La ragazza annuì. Aprii la porta di casa e le feci cenno di entrare. Isabella esitò un istante e s'infilò dentro con un saltino.
«Io credo che lei abbia ancora un aspetto abbastanza giovanile per la sua età, David.»
La guardai, attonito.
«Quanti anni credi che abbia?»
Isabella mi squadrò dalla testa ai piedi, valutando.
«Più o meno una trentina? Ma ben portati, eh?»

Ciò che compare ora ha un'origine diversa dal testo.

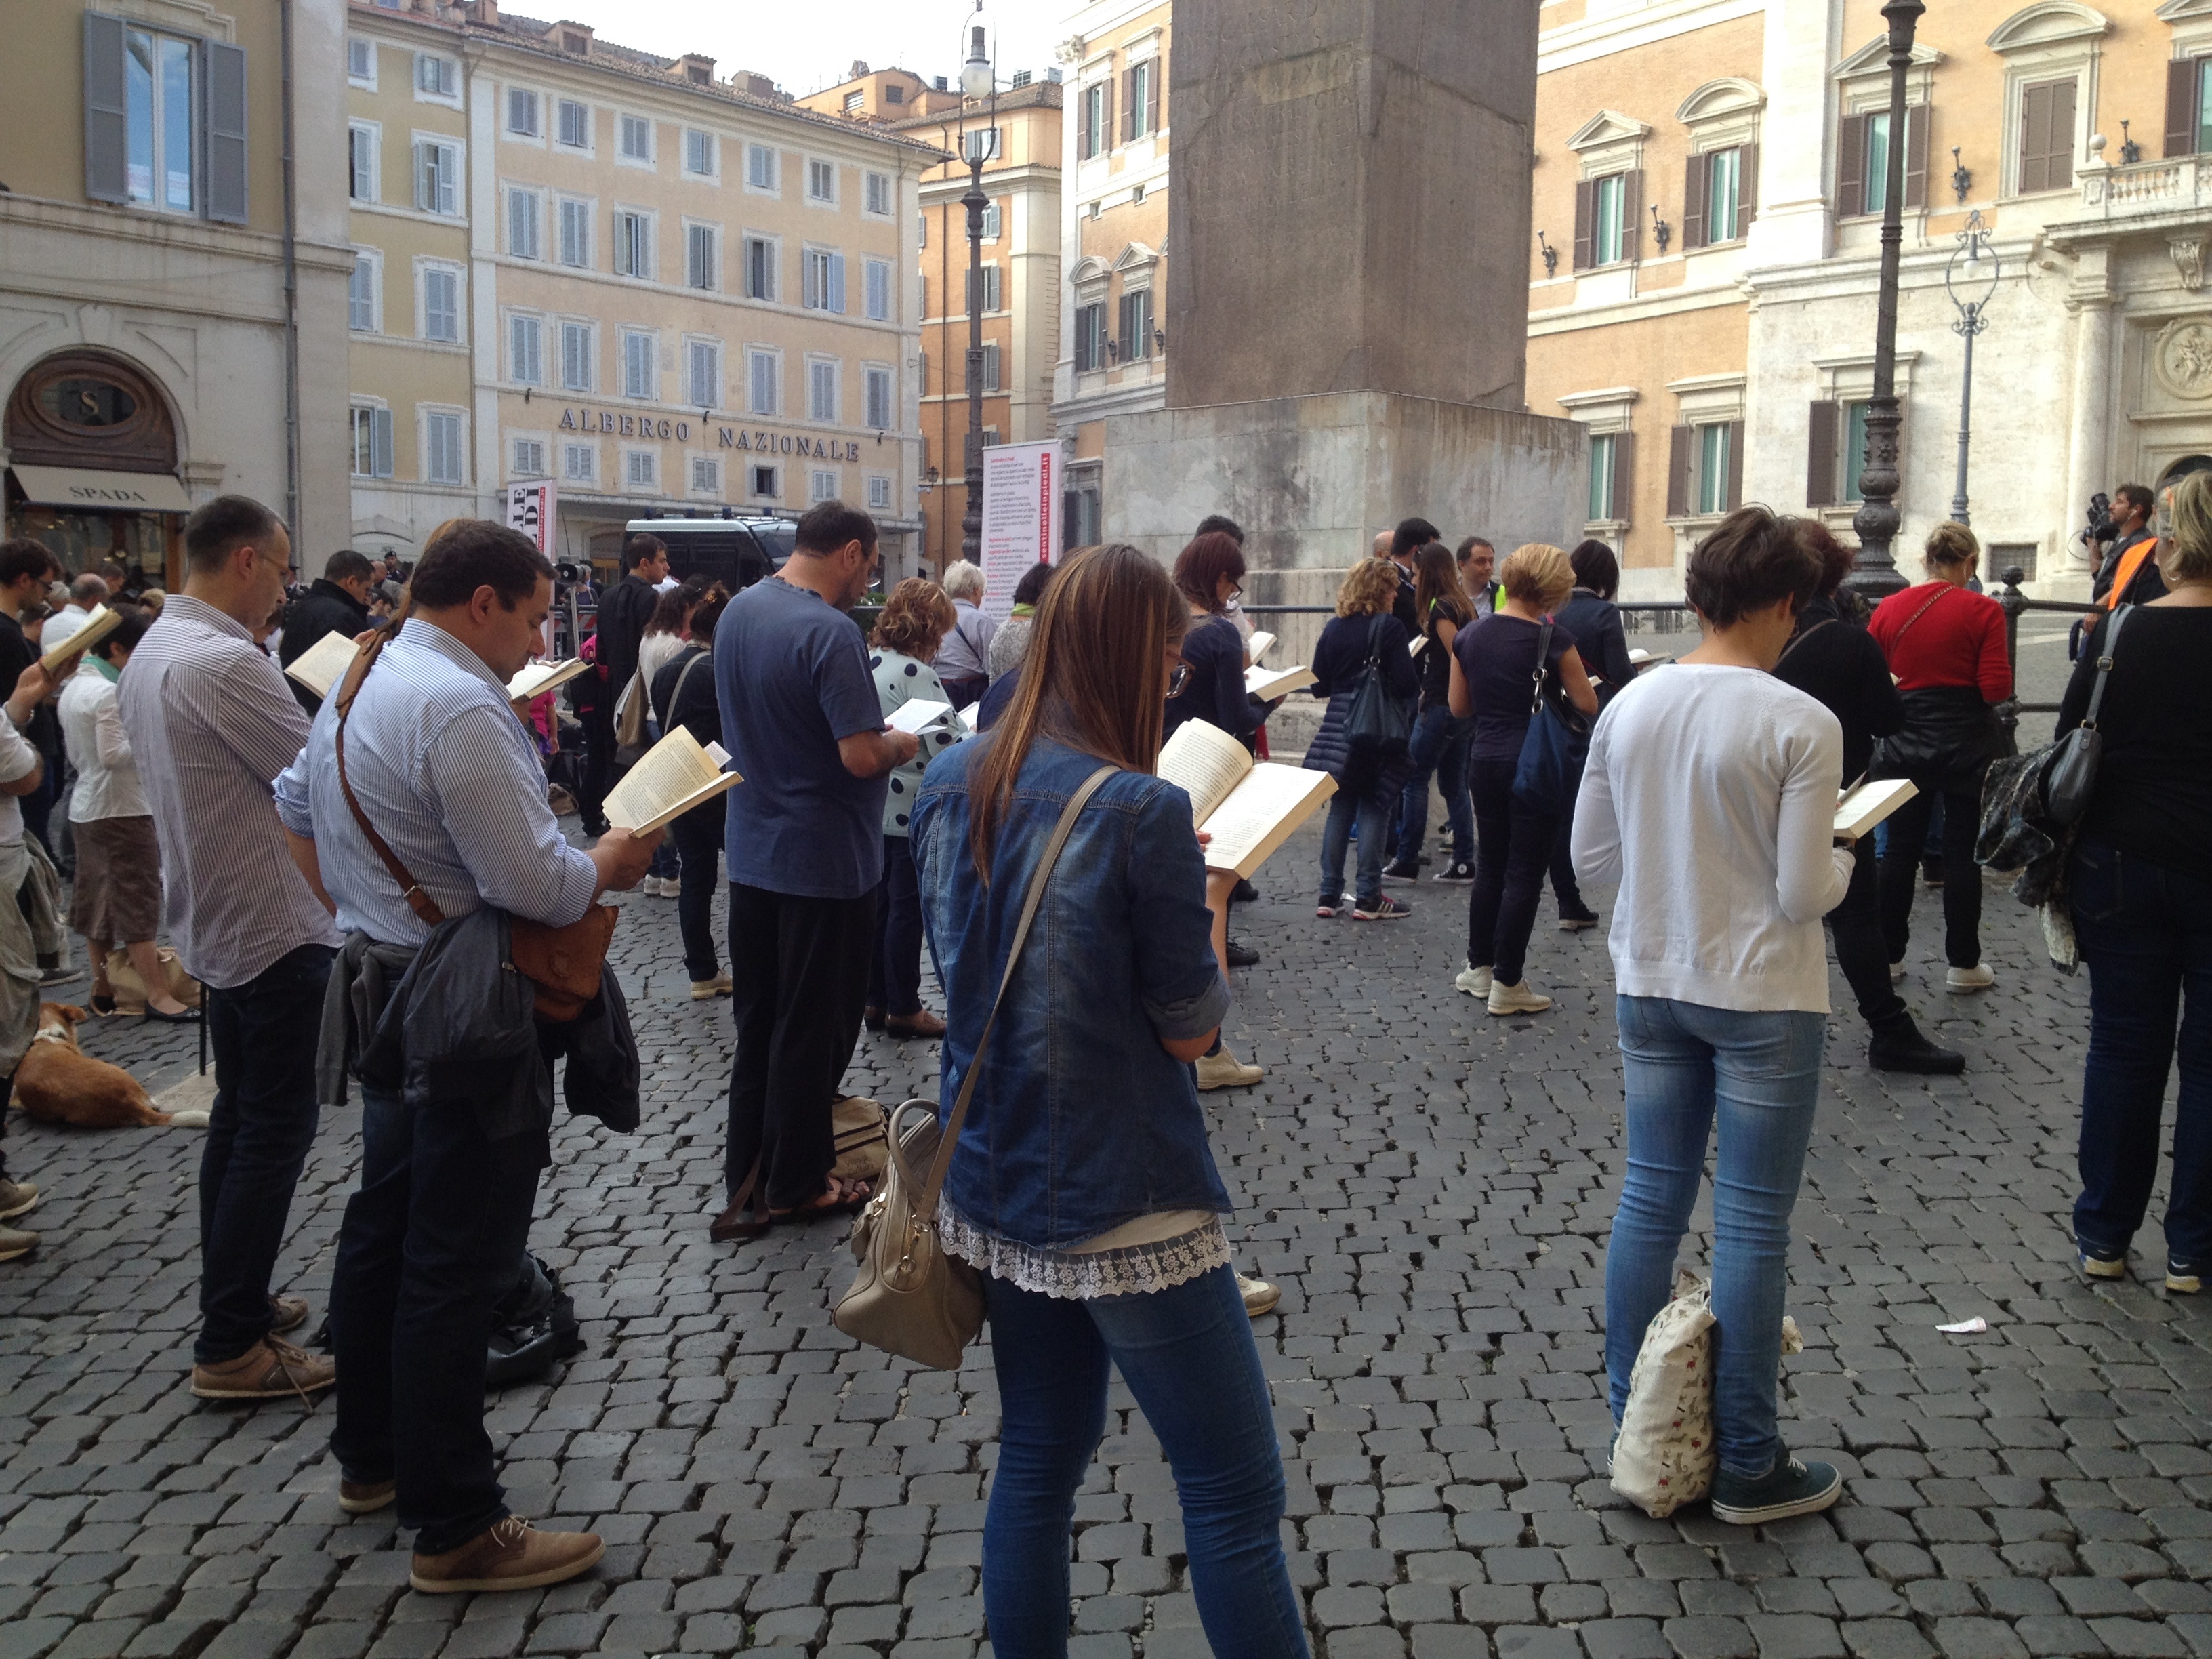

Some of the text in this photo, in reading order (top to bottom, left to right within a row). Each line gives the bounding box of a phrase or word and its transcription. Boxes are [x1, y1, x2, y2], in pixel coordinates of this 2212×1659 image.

«Fammi il favore di stare zitta e di preparare una caffettiera con quell'intruglio che hai portato.»
«Dov'è la cucina?»
«Cercatela.»
Bevemmo quel delizioso caffè colombiano seduti in salotto. Isabella reggeva il suo tazzone e mi guardava di sottecchi mentre leggevo le venti pagine che mi aveva portato. Ogni volta che giravo una pagina e alzavo gli occhi mi imbattevo nel suo sguardo pieno di aspettative.
«Se resti lì a guardarmi come una civetta, ci vorrà un sacco di tempo.»
«Cosa vuole che faccia?»
«Non volevi diventare la mia assistente? E allora assistimi. Cerca qualcosa che ha bisogno di essere messo in ordine e mettilo in ordine, per esempio.»
«Dammela portandomi un'altra tazza di caffè.»
«Perché? Il racconto le fa venire sonno?»
«Che ore sono, Isabella?»
«Devono essere le dieci.»
«E questo vuol dire?»
«Niente sarcasmo fino a mezzogiorno» replicò lei.
Sorrisi trionfante e le tesi la tazza vuota. La prese e partì verso la cucina.